Following three grueling weeks of work by the Senate Judiciary 1 Committee, chaired by Sen. Pete Brunstetter (R,-Forsyth), the NC Senate has approved legislation containing five very important medical liability reforms. The NCMS has spearheaded lobbying efforts favoring Senate Bill 33 – Medical Liability Reforms (Apodaca, R-Buncombe; Brown, R-Onslow; Rucho, R-Mecklenburg). A strong coalition of medical specialties, NC Hospital Association, NC Chamber, and other health care interests are supporting the bill. The proposal was approved in the Senate by a vote of 36-13. The measure is expected to be referred to the House Select Committee on Tort Reform, which is chaired by Rep. Danny McComas (R-New Hanover) and Rep. Johnathan Rhyne (R-Lincoln). The major provisions of the bill are:
- Liability protection for those rendering emergency care, similar to that provided for Good Samaritans;
- Separate trials for liability and damages. This is an important provision that prevents a jury from being prejudiced by evidence related to the severity of harm. Such evidence may only be presented after the jury had concluded that the physician departed from the standard of care;
- Cap on noneconomic damages. The cap approved by the Senate is a $500,000 indexed cap on both the amount that any plaintiff may receive, and on the amount any defendant must pay for all claims brought by all parties arising out of the same cause of action. The cap is not “stackable” unlike many other states, and there are no exceptions. To read more about the important differences between this cap and the $250,000 cap in the original Senate proposal, click here.
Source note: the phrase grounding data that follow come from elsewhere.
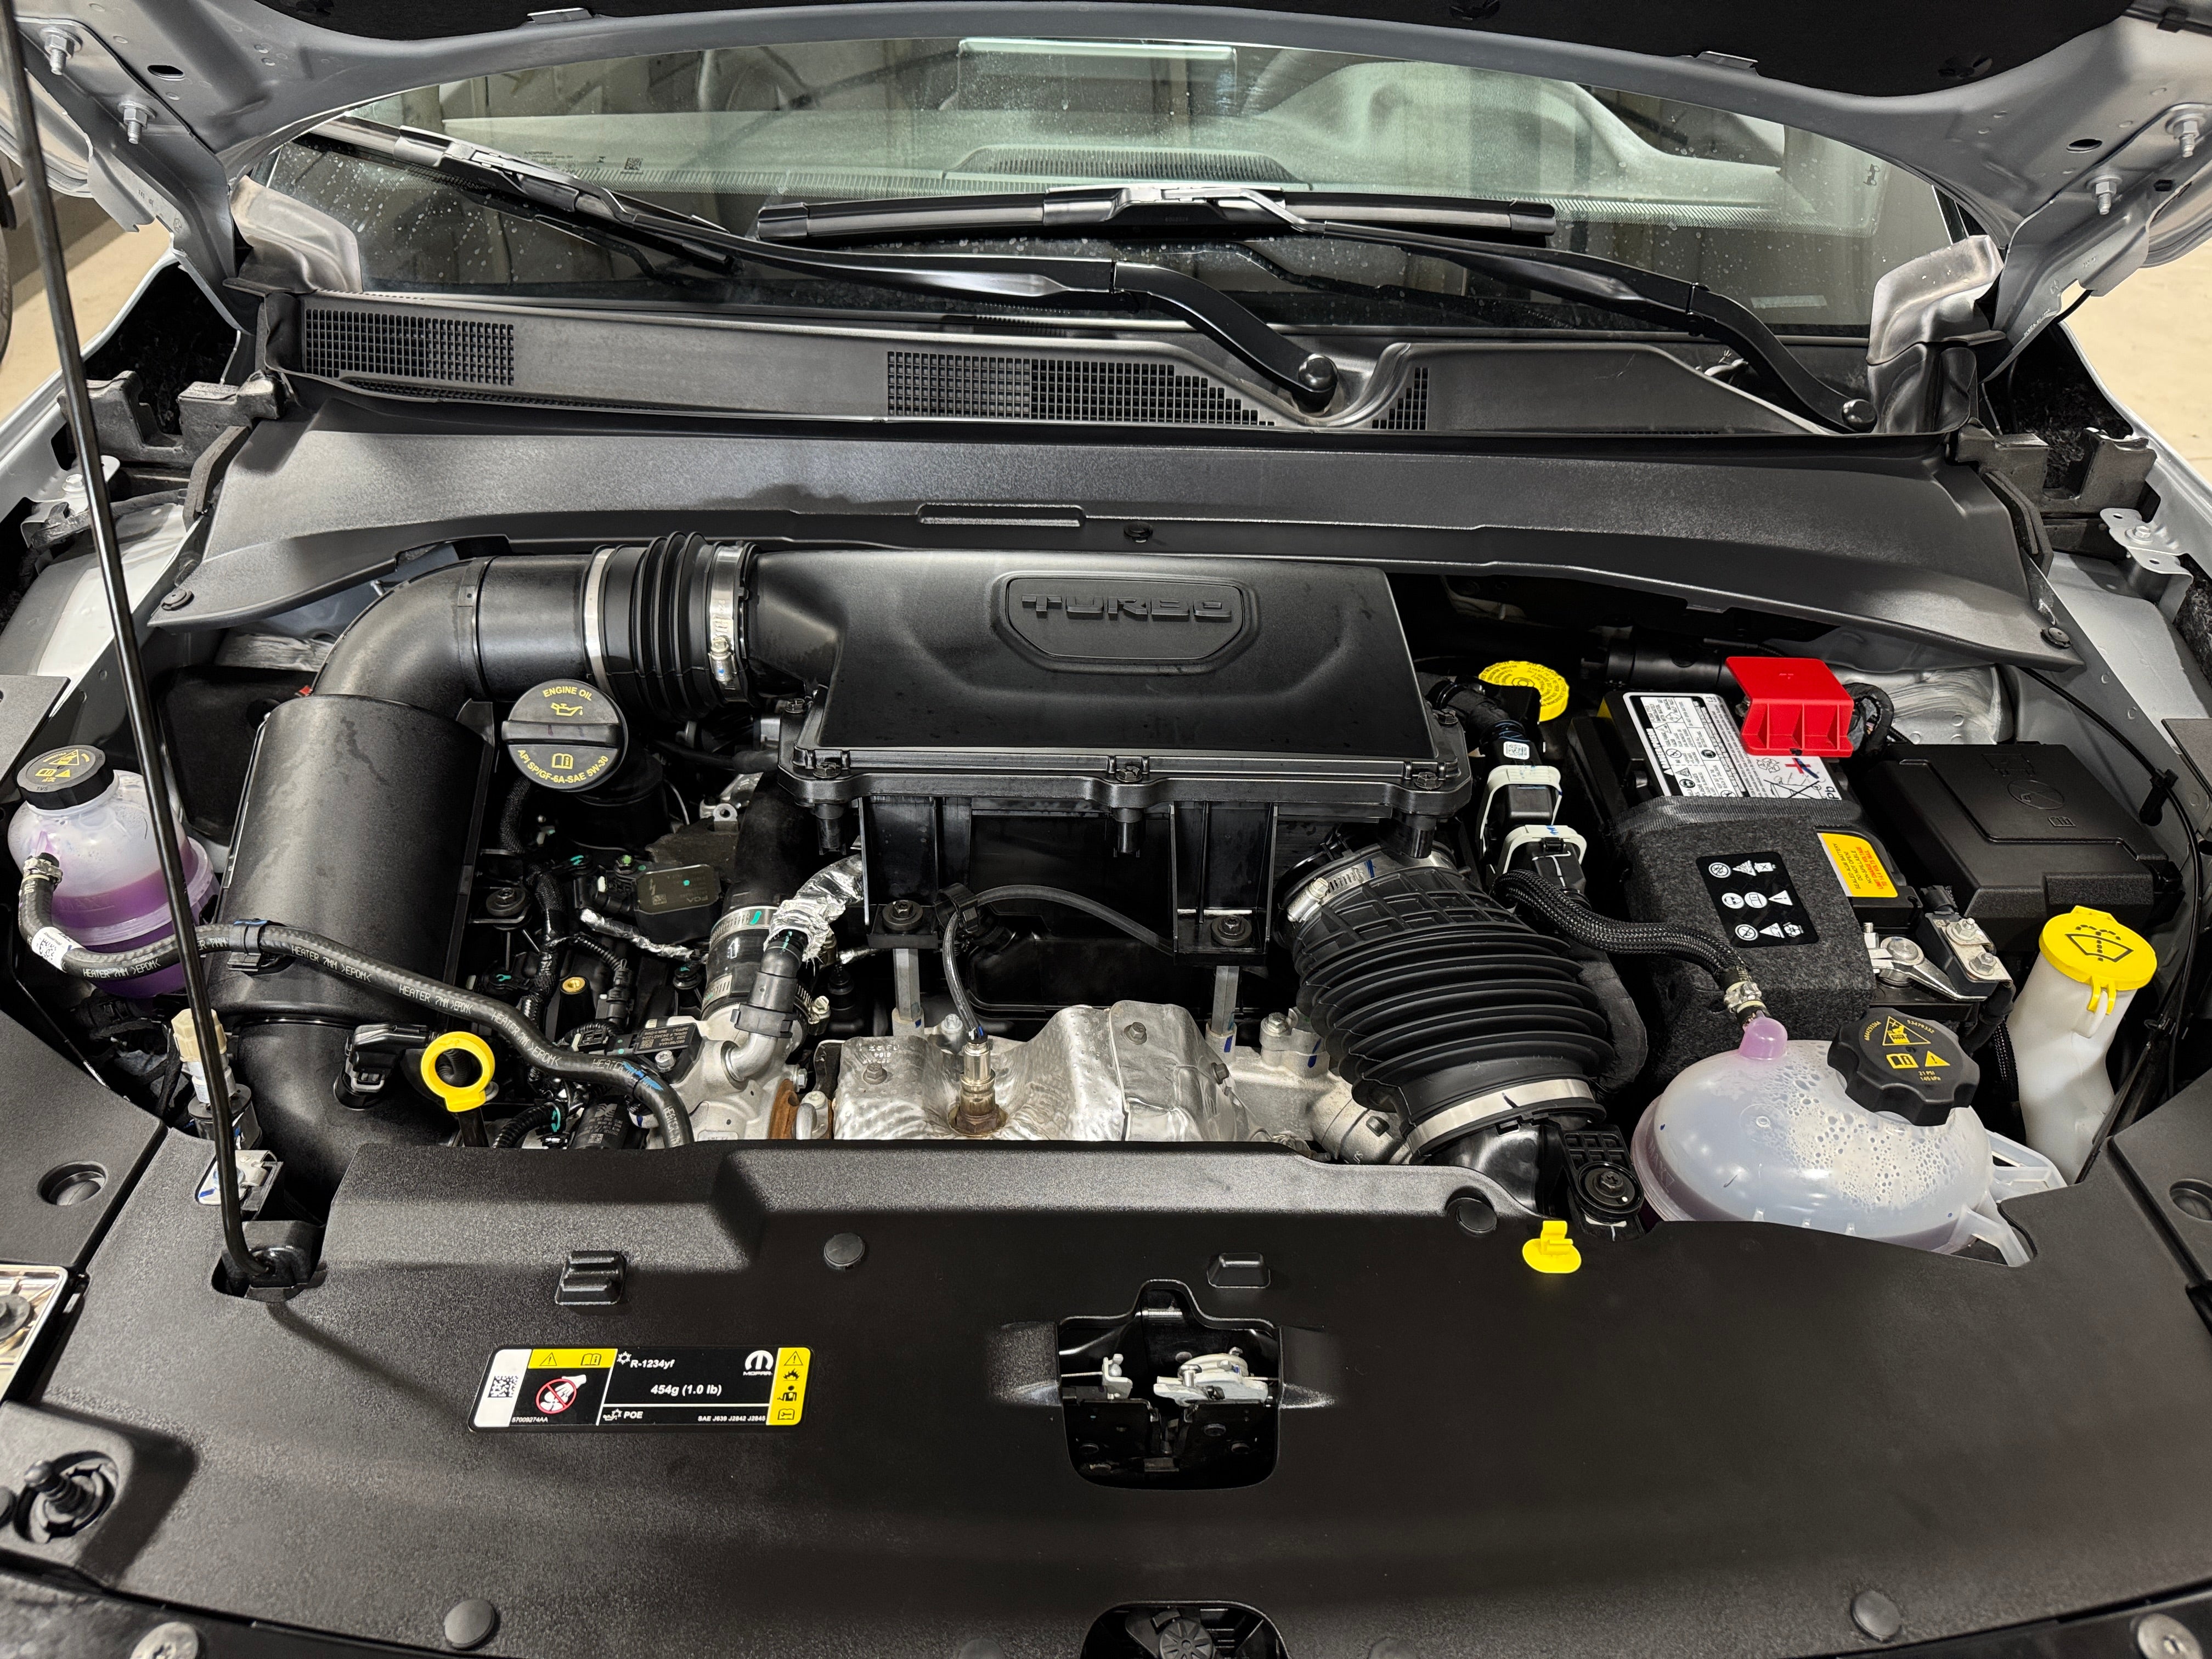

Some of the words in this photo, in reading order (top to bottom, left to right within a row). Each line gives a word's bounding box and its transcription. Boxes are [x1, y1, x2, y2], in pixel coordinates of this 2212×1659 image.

[1022, 594, 1232, 619] TURBO
[543, 686, 578, 698] ENGINE
[579, 689, 592, 701] OIL
[517, 749, 529, 764] API
[528, 761, 586, 783] SP/GF-6A-SAE
[586, 755, 609, 776] 5W-30
[1825, 786, 1839, 799] Pb
[1832, 843, 1846, 861] BATTERY
[1855, 847, 1869, 862] VOLTAGE
[1843, 862, 1852, 872] AGM
[1850, 850, 1872, 884] NON-SPILLABLE
[1850, 865, 1859, 873] NOT
[1847, 872, 1861, 889] SEALED
[1874, 879, 1884, 889] LIMIT
[291, 945, 320, 963] HEATER
[323, 956, 337, 970] 7MM
[83, 968, 110, 978] HEATER
[114, 967, 129, 978] 7MM
[399, 984, 431, 1003] HEATER
[435, 995, 450, 1008] 7MM
[491, 1011, 520, 1038] HEATER
[630, 1358, 674, 1369] R-1234yf
[651, 1385, 679, 1397] 454g
[682, 1384, 704, 1396] (1.0
[707, 1385, 722, 1397] lb)
[624, 1411, 642, 1419] POE
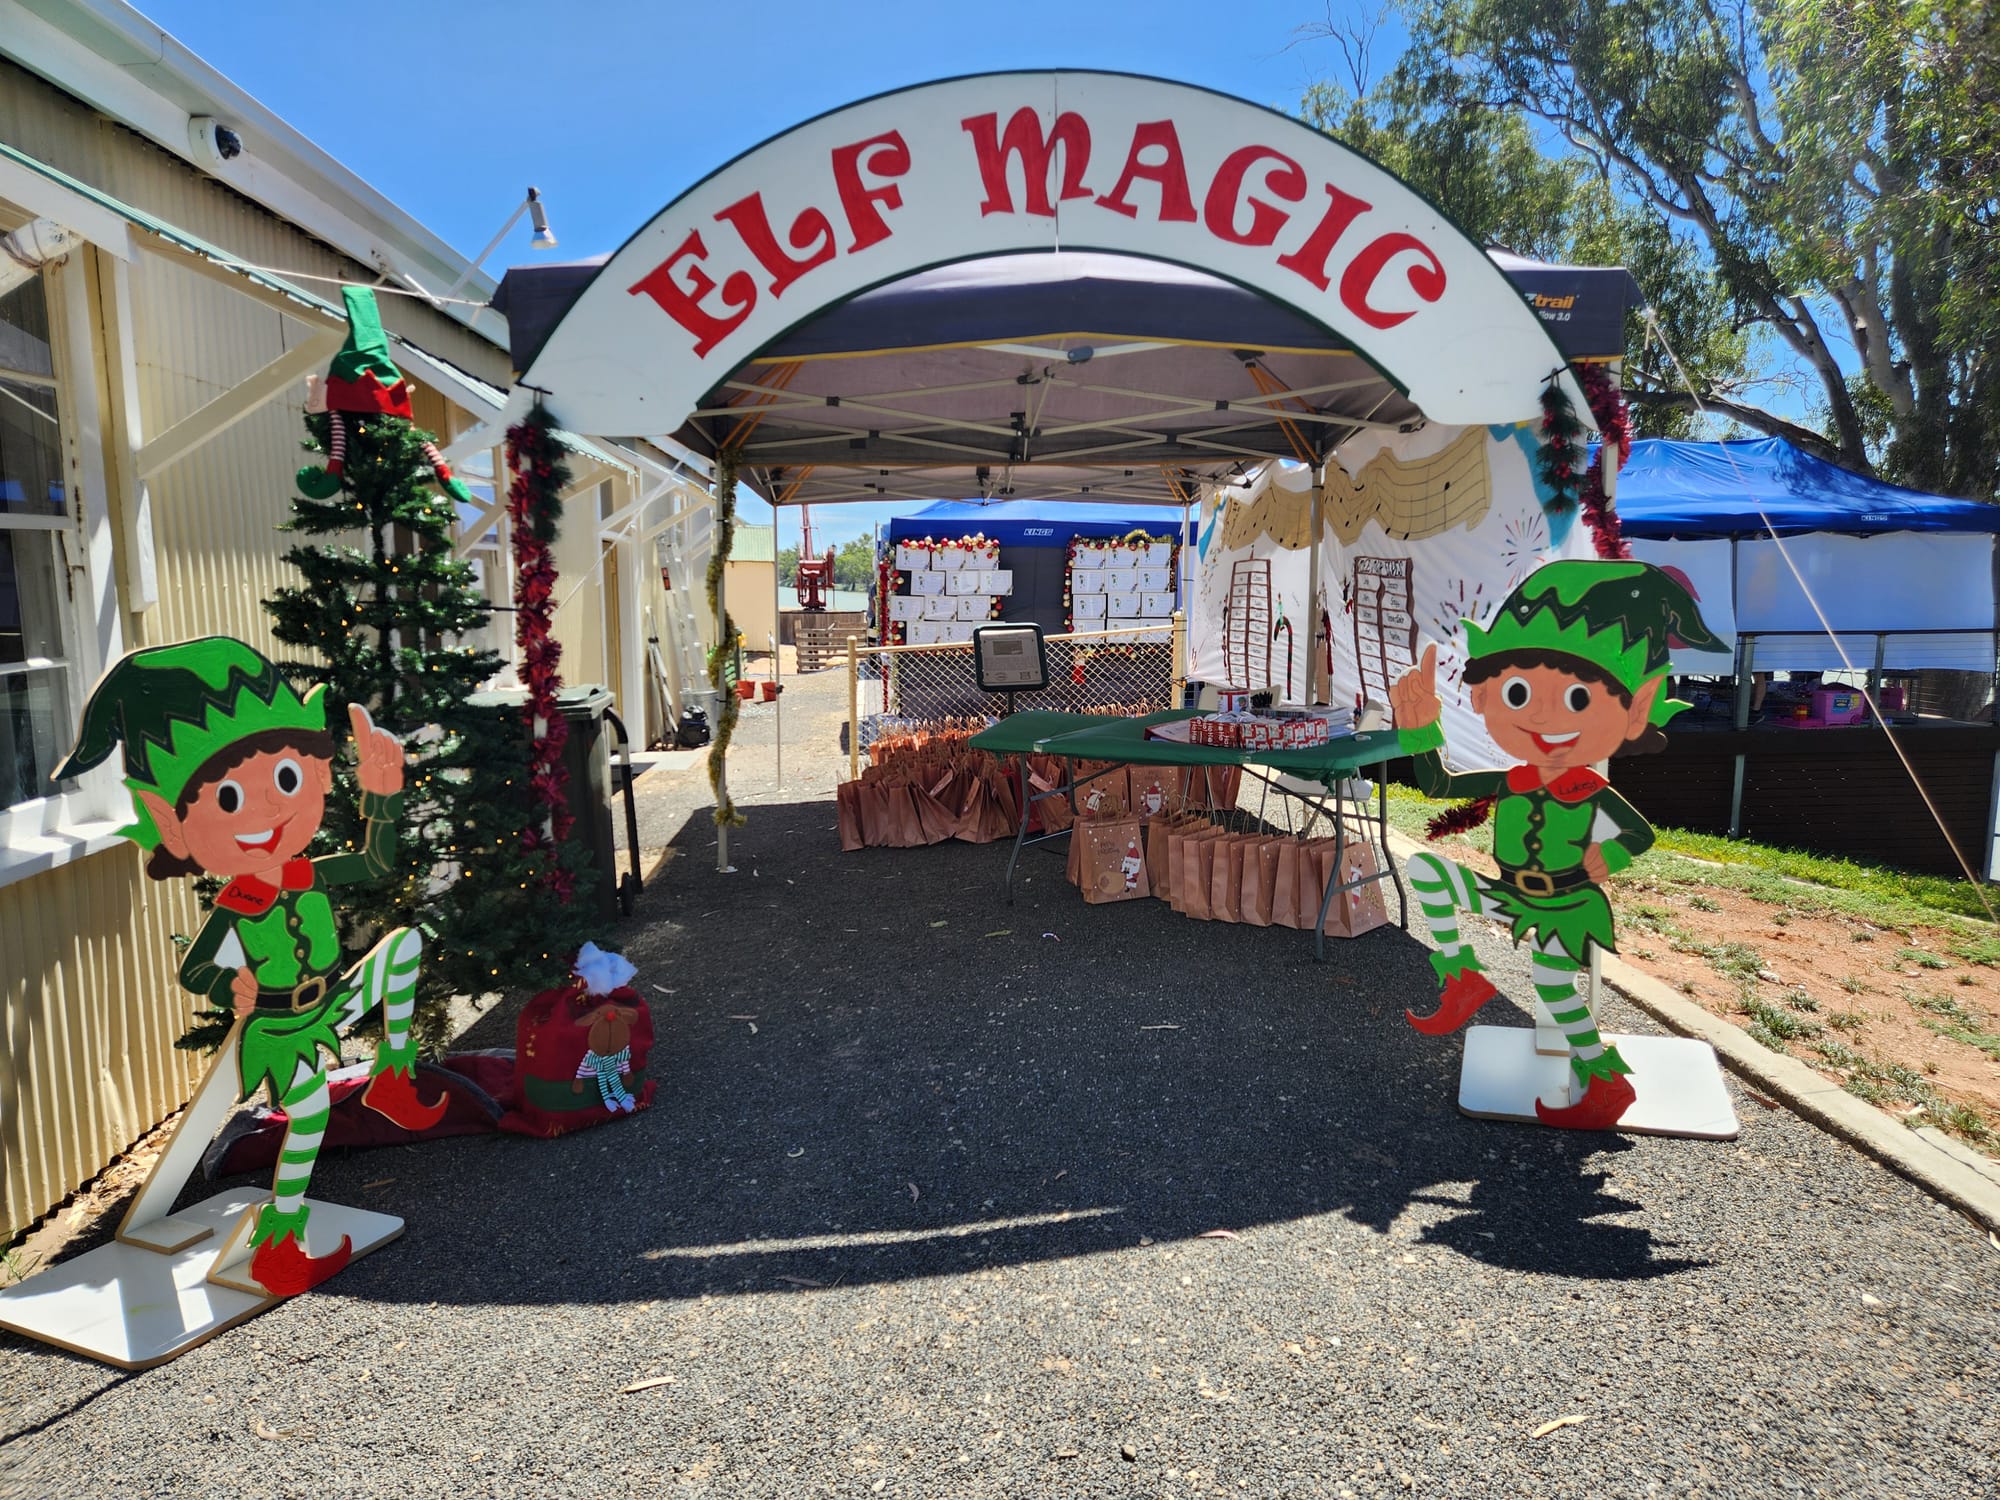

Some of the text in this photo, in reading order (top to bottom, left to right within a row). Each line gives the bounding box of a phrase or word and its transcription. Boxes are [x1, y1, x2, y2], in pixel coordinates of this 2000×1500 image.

[627, 106, 1447, 360] ELF MAGIC
[1023, 528, 1054, 536] KINGS
[228, 885, 264, 906] Duane
- Periodic payment of future damage awards over $200,000. This permits the payments to be stopped if the recipient of the payments dies before the payment schedule is completed. There are exceptions for payments reflecting loss of future earnings or loss of future household services.
- Appeal bond reform, to permit judges to establish fair bond requirements in the event of large judgments that exceed insurance limits. The factors to be considered are the amount of the judgment, the limits of applicable insurance policies, and the aggregate net worth of the appellant. This provision ensures physicians have a meaningful opportunity to appeal judgments against them.
As this important debate continues, the NCMS will continue to work closely with legislators who support meaningful reform. We anticipate a thorough process will be used by the House Select Committee on Tort Reform, just as we saw in the Senate Judiciary 1 Committee. Please contact your legislator and ask them to support meaningful medical liability reform.
at 12:21 pm
It will be interesting how “emergency care” is defined and it’s relationship to
“gross negligence.”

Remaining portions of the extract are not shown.